West Tisbury police chief Beth Toomey said her department manages to come up with creative solutions to the housing problem. Her summer force has grown from one to a total of five in just two years. Chief Toomey has tried home-growing her own summer force, mining talent that already lives here.
Case in point is Deanna Cote, a 21-year-old West Tisbury resident who was graduated from the Island high school in 1997. For the past two summers, she worked the Seth's Pond beat, unarmed, dealing with traffic and parking issues. But with Chief Toomey's encouragement, Officer Cote completed some training at the police academy and finished her firearms qualification.
Now an armed officer, she's moved up from Seth's Pond to the airport. "This is an Island kid we developed," said Chief Toomey. "I really want to develop Island people into these positions."
For the summer recruits, one incentive is giving them the hands-on experience they want. Applicants for these jobs, said Chief Fortes, are eager to do police work. In Oak Bluffs, summer officer Todd Castro said what attracted him to the Vineyard was that police departments are training summer cops to do real work. "I didn't want to spend my summer writing parking tickets," said Mr. Castro, a 24-year-old graduate of Bridgewater State College.
In some cases, Island police have attracted experienced officers from the mainland to take summer jobs here. Officer Matt Stein in Oak Bluffs is 44, and he's got 20 years experience as a part-time sergeant in the Brookline police department.

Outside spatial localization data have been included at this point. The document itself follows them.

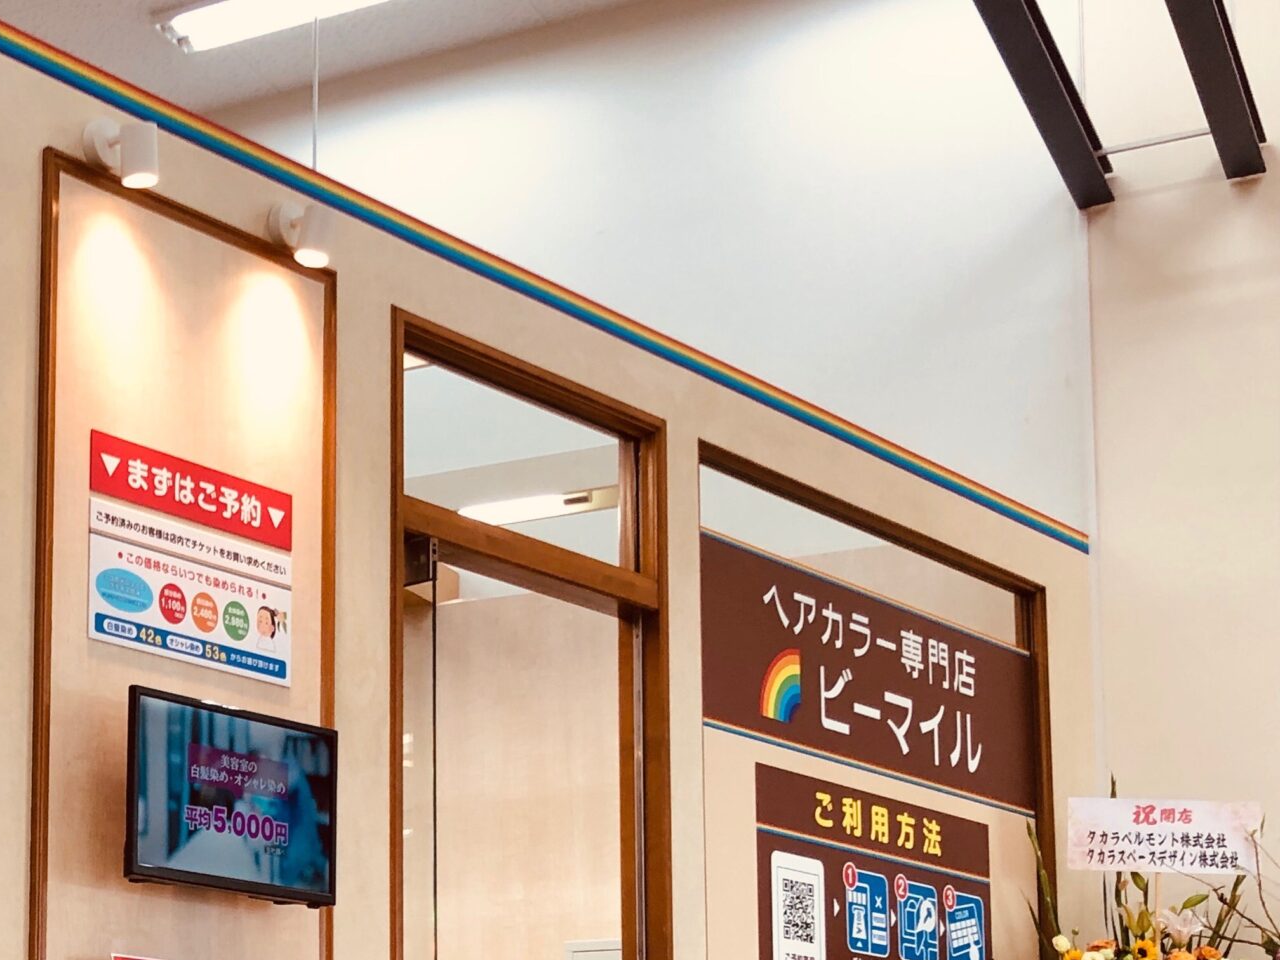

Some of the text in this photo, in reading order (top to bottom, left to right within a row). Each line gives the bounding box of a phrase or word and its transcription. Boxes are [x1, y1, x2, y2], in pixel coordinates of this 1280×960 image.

[128, 459, 262, 528] まずはご予約
[762, 585, 976, 697] ヘアカラー専門店
[820, 665, 982, 773] ビーマイル
[185, 805, 288, 845] 平均5,000円
[815, 791, 942, 857] ご利用方法
[1086, 830, 1228, 849] タカラベルモント株式会社
[1086, 849, 1239, 869] タカラスペースデザイン株式会社

Still, most summer police fit the mold of young and eager. But is there such a thing as too eager when youth and police work combine? Lieutenant Roberts says yes, and he takes care to avoid hiring officers who are just in it for the power trip.

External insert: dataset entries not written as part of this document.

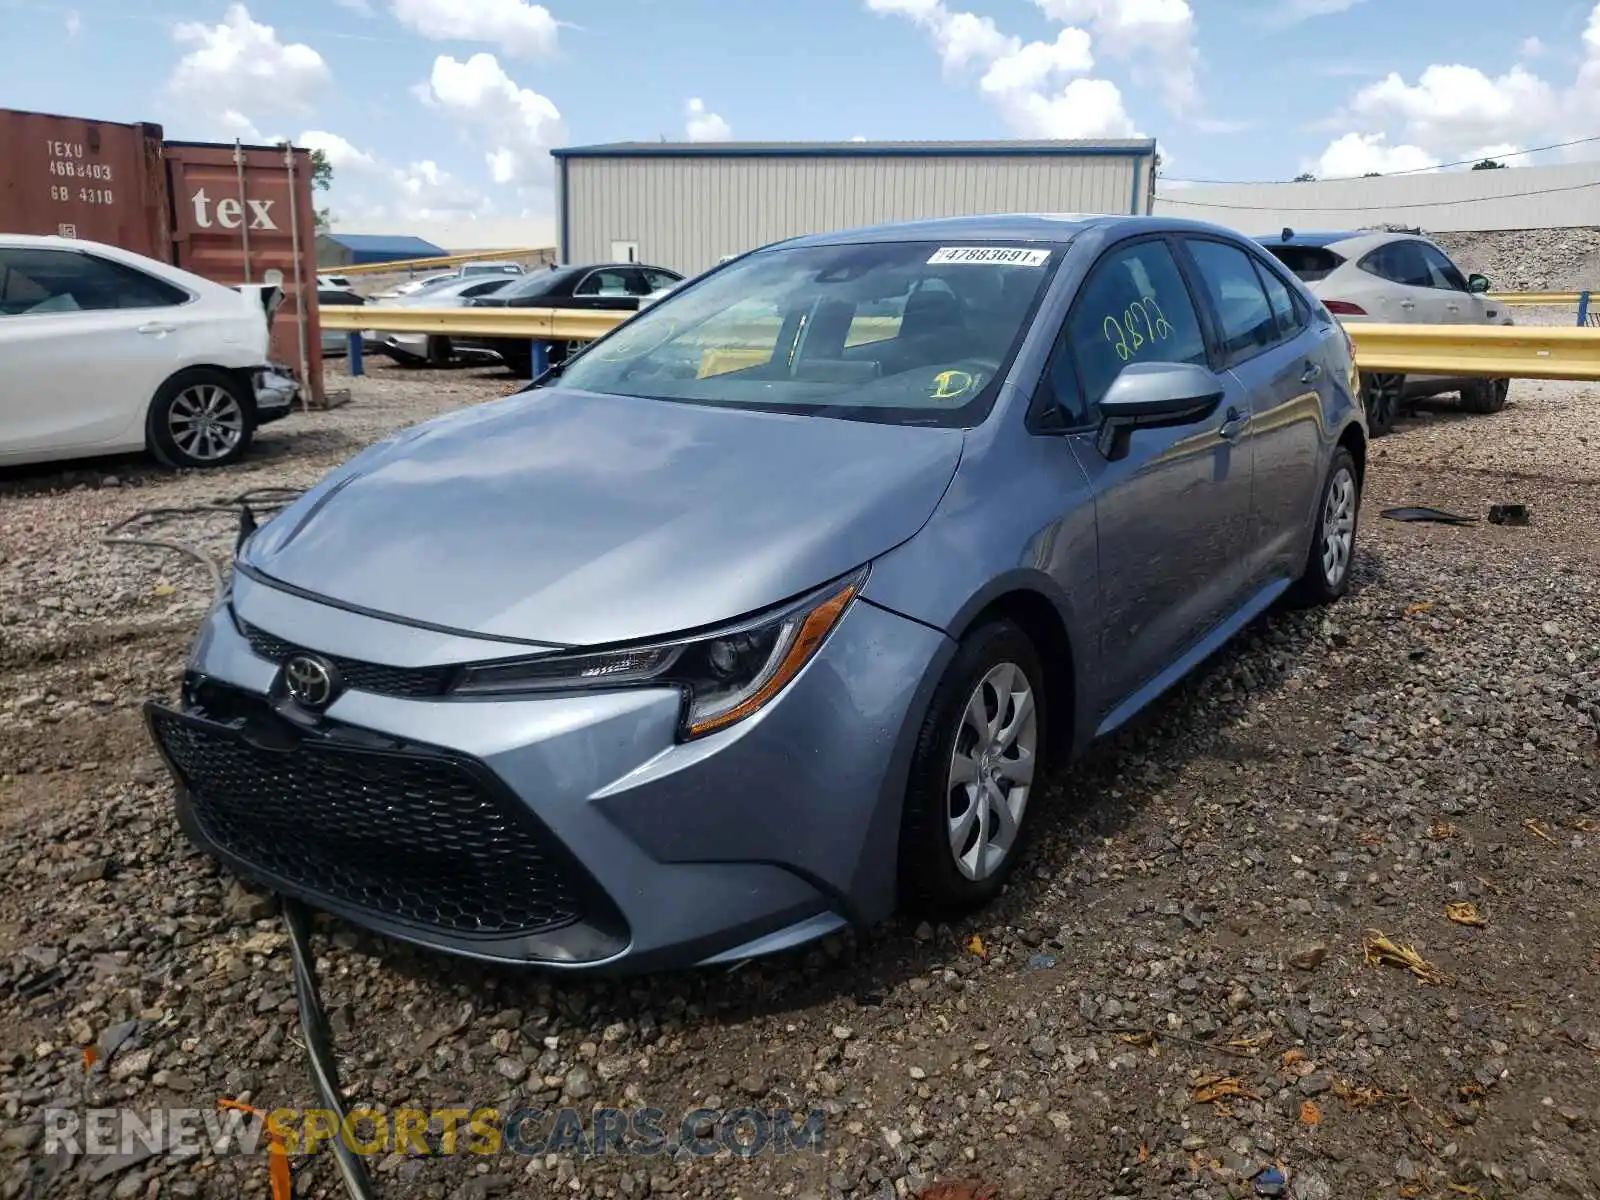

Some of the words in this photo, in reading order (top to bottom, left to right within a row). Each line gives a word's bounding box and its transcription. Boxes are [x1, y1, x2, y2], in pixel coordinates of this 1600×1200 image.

[47, 140, 83, 158] TEXU
[192, 188, 278, 229] tex
[1104, 297, 1175, 360] 2872
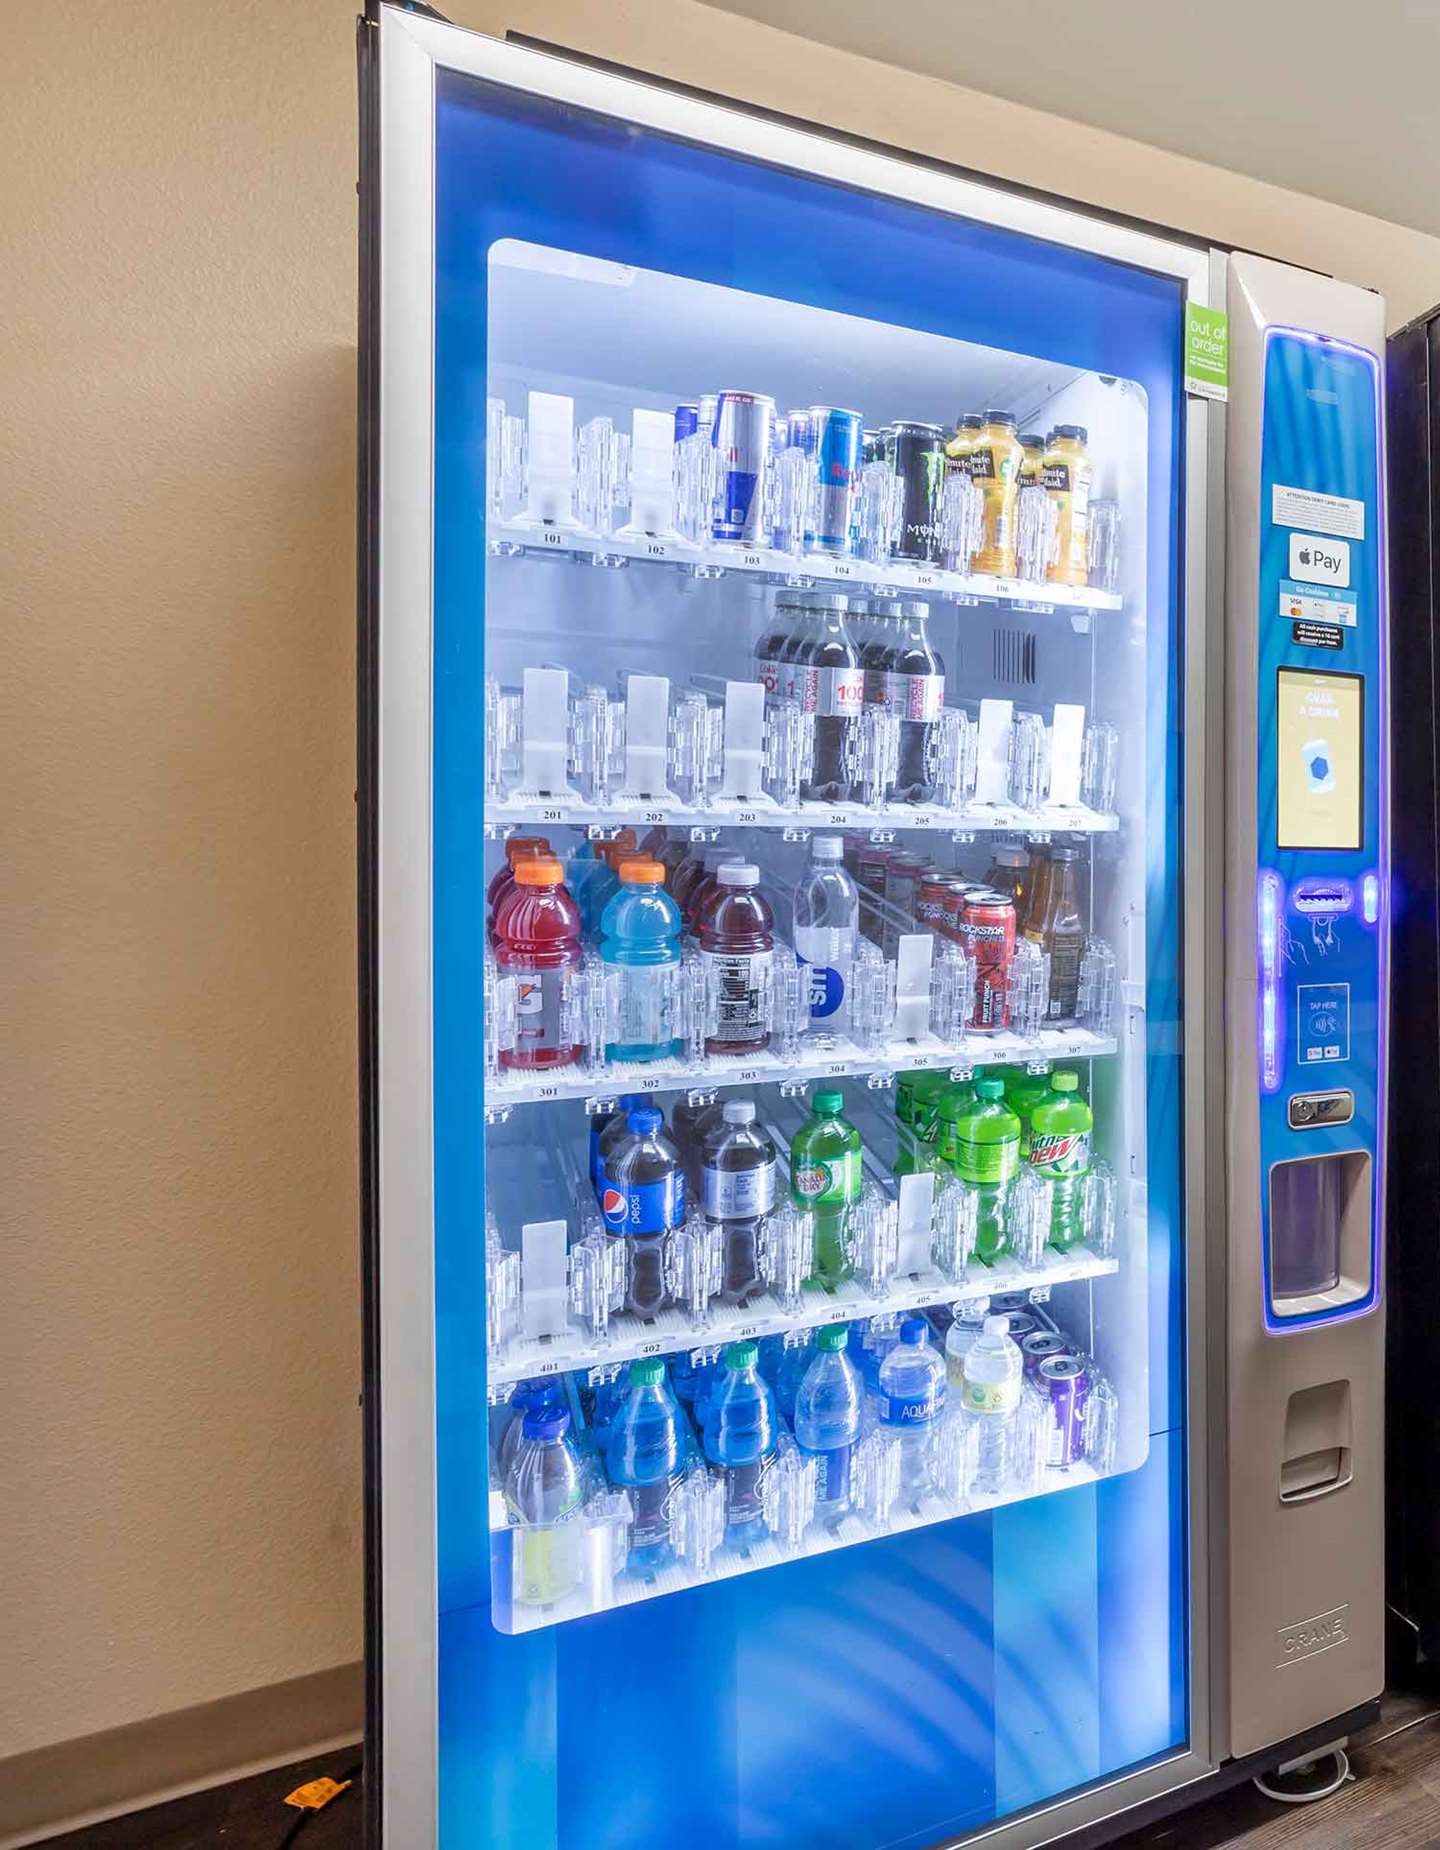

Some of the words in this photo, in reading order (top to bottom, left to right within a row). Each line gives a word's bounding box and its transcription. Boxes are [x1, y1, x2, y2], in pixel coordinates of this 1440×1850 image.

[545, 534, 561, 545] 101
[648, 544, 665, 555] 102
[745, 555, 760, 566] 103
[1313, 550, 1341, 574] Pay
[544, 811, 561, 820] 201
[645, 813, 663, 822] 202
[739, 812, 756, 822] 203
[830, 815, 846, 824] 204
[915, 816, 930, 825] 205
[829, 1064, 845, 1074] 304
[739, 1071, 757, 1081] 303
[641, 1079, 660, 1089] 302
[539, 1088, 558, 1097] 301
[631, 1194, 641, 1224] pepsi
[740, 1327, 757, 1336] 403
[642, 1343, 661, 1353] 402
[1283, 1617, 1345, 1654] CRANE

"Our application is 17 pages and includes essays, and we do background checks," said the lieutenant. "But it's in the interview where people like that stick out like a red flag. I had one guy sit down and the first question he asks is, 'What kind of guns do you carry?' "
Island police, across the board, champion community policing far more than the Rambo approach. They want the summer police to interact with the merchants, the tourists and the residents. "Right from the get-go, we want that," said Lieutenant Roberts. "We expect more from them than just standing around and looking tough."
Officer Mackenty takes the community policing seriously. "I like balancing the needs of the summer people and the needs of the year-round population," he said. "I try to be understanding. If a year-rounder is parked in a loading zone so he can pick up the kids, you don't have to jump on somebody for that."
Still, no matter what Mr. Mackenty does, he knows the experience of being saddled with the derogatory "rent-a-cop" comment. "It's frustrating to be called that," he said, "especially with all the training we get."
What a lot of people don't know about the so-called rent-a-cops is how many have used the job as an important stepping stone in their careers. Chief Rich said he's kept track of where some 70 summer police he's hired have gone - from the New York City police department to district attorney's offices. Even more important, Mr. Rich said, is that the summer beat is the place where the chiefs of police in Aquinnah, Edgartown, Tisbury and Chilmark all got their start.